The U.S. economy approaches the end of the 20th century with unprecedented real growth, miniscule inflation, low unemployment, and strong consumer and investor confidence. Economists have dubbed it the "Cinderella economy." The reasons for this success are many and varied. However, it can be argued that technological change has been behind the economic boom of the late 1990s.
Technological change has three general effects on the economy. First, it reduces the costs of producing goods and providing services. That is, technological change allows for the consumption of greater amounts of goods and services, without the use of greater amounts of human labor, physical capital, or natural resources. Second, technological change is responsible for the creation of new and improved goods and services. Although the relative value of any new product is subjectively determined by each individual, the spending patterns of consumers overall often reveal the preferability of these new products over their predecessors. Ironically, the third factor-what technological change has not yet done, but is expected to do-may have made the greatest contribution to the recent economic boom. Technological change is expected to continue to transform many aspects of economic production, distribution, and consumption. Such changes include, for example, further development of Internet commerce (e.g., banking and retail operations), additional advances in biotechnology (e.g., "designer" drugs), greater automation in production (e.g., advanced robotic systems), new forms of household entertainment (e.g., digital video disc entertainment systems), and new ways of conducting scientific research itself (e.g., the creation of virtual laboratories). Investors and public planners have continued to devote new resources to preparing for these changes, thereby stimulating economic investment and expansion. Thus, much of the current investment-led economic growth is only a prelude to future advances. In this sense, our present is being influenced largely by our future-a future that will owe much of its character to technological change.
Of course, innovation-and the technological change that results from it-does not just happen. It has to be paid for-through expenditures on research and development (R&D). How R&D funds are spent helps determine how scientific knowledge will accumulate and how technological change will be manifested. Thus, R&D decisionmaking-how much different organizations spend and on what areas of science or engineering-is critical to the future of the U.S. economy and national well-being. This factor explains why the United States and many other nations collect extensive R&D expenditures data and disseminate the information worldwide for study by analysts in a wide variety of fields.

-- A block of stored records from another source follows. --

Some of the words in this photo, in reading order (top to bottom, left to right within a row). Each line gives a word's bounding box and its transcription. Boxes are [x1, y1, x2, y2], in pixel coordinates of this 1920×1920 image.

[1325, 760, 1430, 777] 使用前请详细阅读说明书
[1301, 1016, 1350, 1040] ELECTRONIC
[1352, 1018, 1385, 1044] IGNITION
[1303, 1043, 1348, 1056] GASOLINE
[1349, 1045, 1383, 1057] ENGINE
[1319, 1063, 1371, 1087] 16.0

In addition to indicating the directions of technological change, R&D expenditure data also measure the level of economic purchasing power that has been devoted to R&D projects as opposed to other economic activities. Industrial (private sector) funding of R&D, for example-which represents most of R&D expenditure in the United States-may be interpreted as an economic metric of how important R&D is to U.S. companies, which could have easily devoted those same funds to any number of other business activities. Likewise, government support for R&D reflects government and society's commitment to scientific and engineering advancement, which is an objective that must compete for dollars against other functions served by discretionary government spending. The same basic notion holds for other sectors that fund R&D, such as colleges and universities and other nonprofit organizations.

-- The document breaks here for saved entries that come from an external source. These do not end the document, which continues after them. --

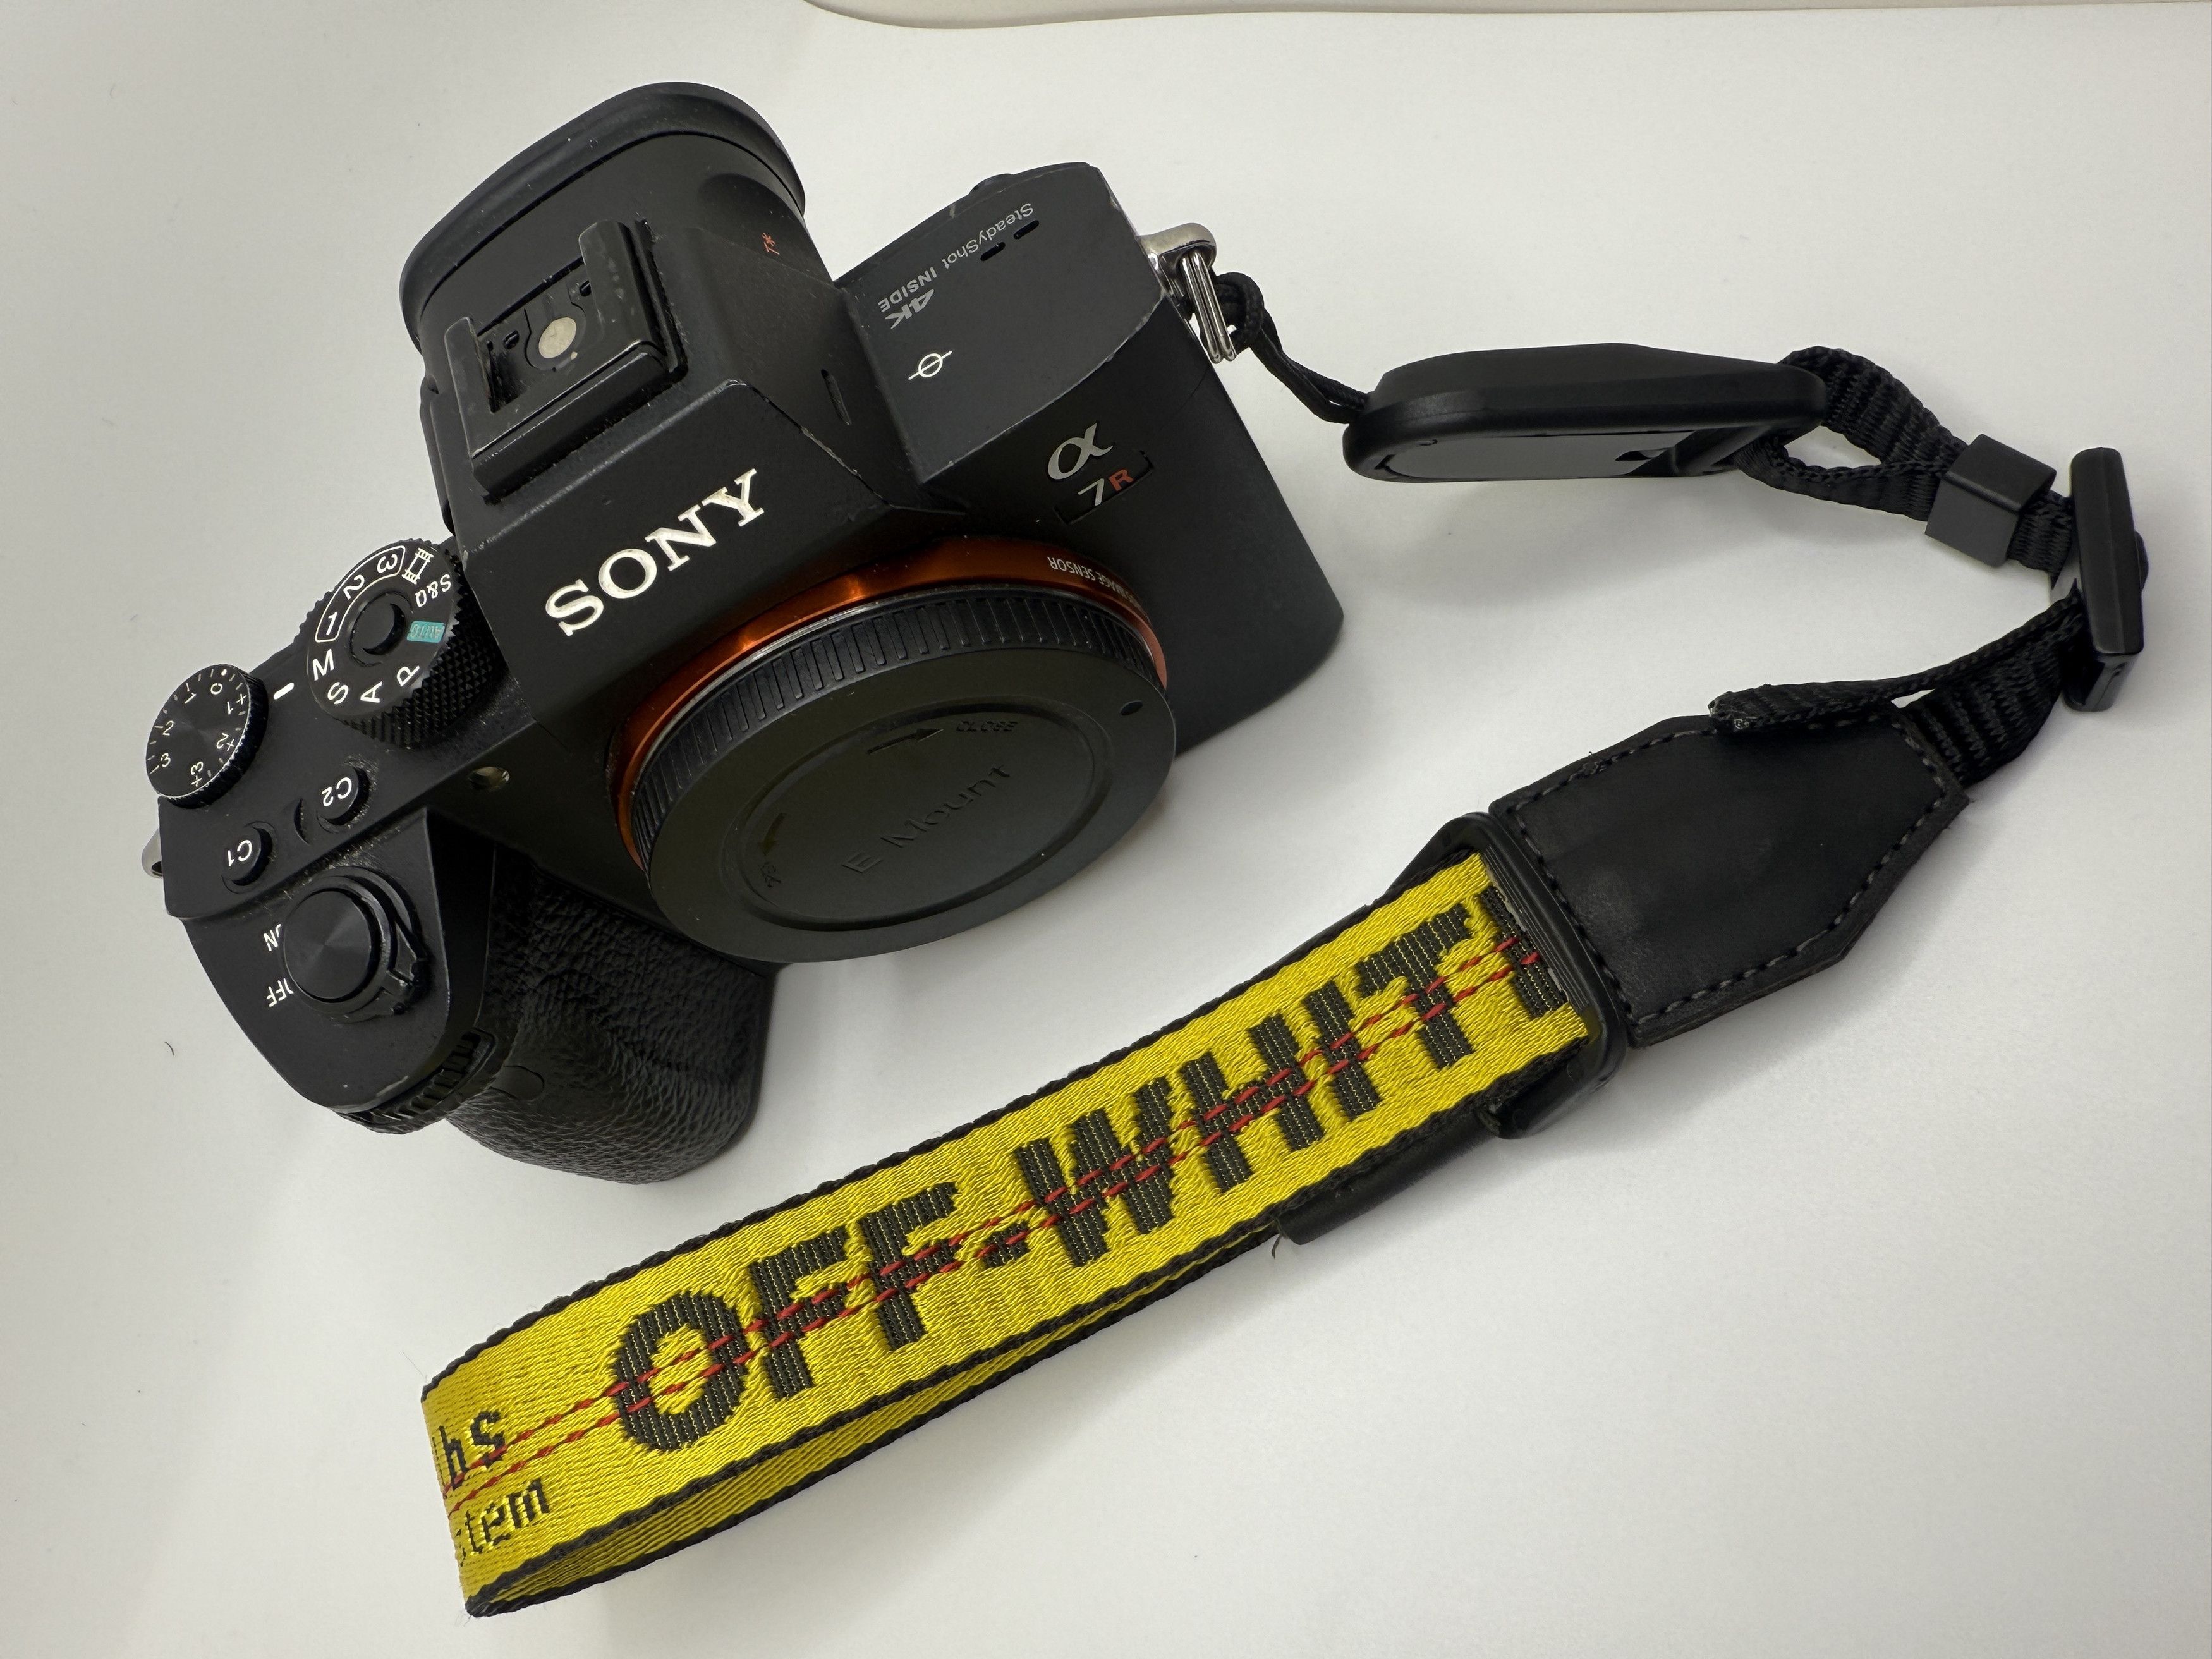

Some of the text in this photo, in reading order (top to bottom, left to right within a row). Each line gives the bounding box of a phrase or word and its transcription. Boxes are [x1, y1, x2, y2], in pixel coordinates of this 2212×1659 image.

[878, 202, 1034, 313] SteadyShot INSIDE
[884, 289, 935, 329] 4K
[1078, 468, 1134, 506] 7R
[545, 468, 765, 636] SONY
[1047, 556, 1097, 581] SENSOR
[326, 554, 398, 635] 1 2 3
[312, 648, 334, 681] M
[397, 665, 420, 687] P
[327, 682, 348, 705] S
[360, 681, 382, 703] A
[322, 777, 353, 807] C2
[227, 839, 253, 866] C1

Total R&D expenditures therefore reveal the perceived economic importance of R&D relative to all other economic activities. Because institutions invest in R&D without knowing the final outcome (if they did, it would not be R&D), the amount they devote is based on their perception, rather than their absolute knowledge, of R&D's value. Such information about R&D's perceived relative value is also extremely useful for economic decisionmaking. For example, increased R&D in a particular field of study may reflect an increase in demand for scientists and engineers to study and work in that field. An increase in R&D in a particular industrial sector could be among the first signs that the sector is about to expand with new lines of products or services. Of course, R&D data alone are not enough to accurately analyze the future growth of a field of study or an industrial sector, but they may well be an important input into such analysis. This chapter therefore presents information that will provide a broad understanding of the nature of R&D expenditures and the implications of these data for science and technology policy.
This chapter has two major parts, both of which examine trends in R&D expenditures. The first part looks into R&D performed in the U.S. alone; the second compares R&D trends across nations. The first part contains sections on economic measures of R&D; trends in financial support for R&D; trends in R&D performance; industrial R&D performance; R&D performance by geographic location, character of work, and field of science; and intersector and intrasector R&D partnerships and alliances. The second part contains sections on total and nondefense R&D spending; ratios of R&D to gross domestic product (GDP) among different nations; international R&D funding by performer and source; the character of R&D efforts (or R&D efforts separated into basic research, applied research, and development components); international comparisons of government R&D priorities; comparisons of government R&D tax policies; the growth in public- and private-sector international R&D agreements and alliances; the United States' international R&D investment balance; and patterns in overseas R&D and foreign R&D performed in the United States, in terms of both expenditures and facility placement.